Service is a word whose meaning may differ depending on the cultural context, one’s life experience, or role in society. In this essay, I refer to service in two main ways. On one hand, service is a personal calling born out of a profound longing to participate and contribute to the greater good, in ways that help alleviate suffering. On the other hand, it is a caring relationship involving two parties in different roles, a “service provider” who offers care, and the one for whom the service or care helps to “meet a need.” 

In my view, service is a call to show up and be there for others in a way that provides care, facilitates healing, and restores wholeness. At best, true serving brings respect, honor, and dignity to both sides of the service relationship—to both service providers and those who are served. But how are we to accomplish this? In particular, how do we serve diverse others, when we don’t know who they are, what their values are, what they deeply need and want?

Diversity means understanding that each individual is unique, with differences shaped by race, ethnicity, gender, sexual orientation, socio-economic status, age, physical abilities, religious beliefs, political beliefs, or other ideologies. Embracing diversity requires naming and acknowledging differences; because what is beneficial for some groups and cultures might not be beneficial, or might even be detrimental for others. For instance, the “self-made/do-it-yourself” mantra of Western cultures often goes against the collective identity and common interests that are more important for indigenous cultures. So as people who are interested in serving in a culturally sensitive manner, we name differences not to create more separation nor “us versus them,” but to bring in respect and dignity, and help bridge them.

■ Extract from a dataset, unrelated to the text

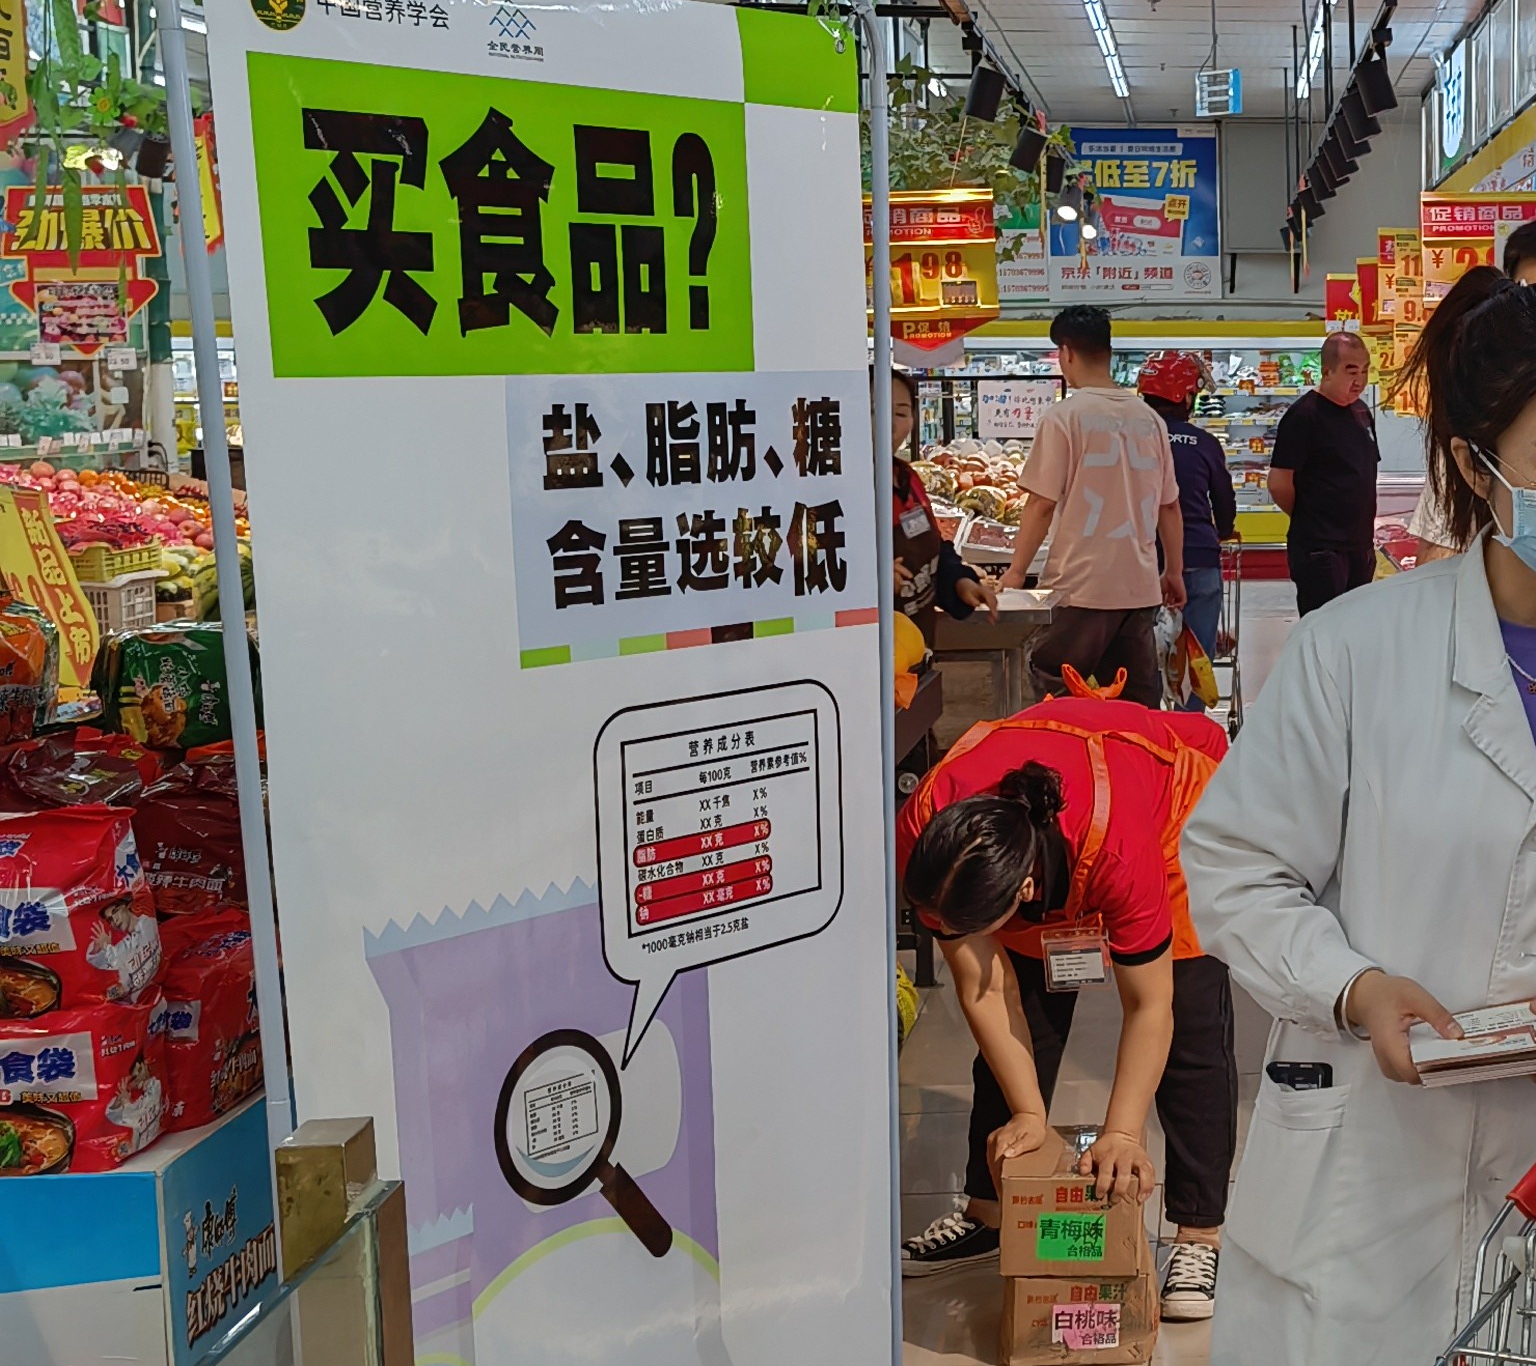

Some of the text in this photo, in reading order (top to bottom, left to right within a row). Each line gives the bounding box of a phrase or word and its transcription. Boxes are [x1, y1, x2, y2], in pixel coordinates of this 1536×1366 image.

Walking the Talk of Cultural Humility

I had the deep privilege to serve when working as a Latino Community Liaison for almost a decade providing direct services of hospice care and grief support to Latino children, teens, and adults in Santa Cruz County [California, U.S.A]. Within my professional role, I found that true service did not reside in my job description. As I came in the room—whether it was in a one-on-one or group setting, or in a community presentation—I would often feel a sense of embodying and extending “compassionate healing presence,” and being guided by a higher intelligence that had a plan of its own, a mystery to me. I discovered that my real job was to show up, “hold the space,” and trust the process, so the “client” could re-connect with themselves in deeper and more meaningful ways. I discovered that this was the first step required so that then healing could happen. 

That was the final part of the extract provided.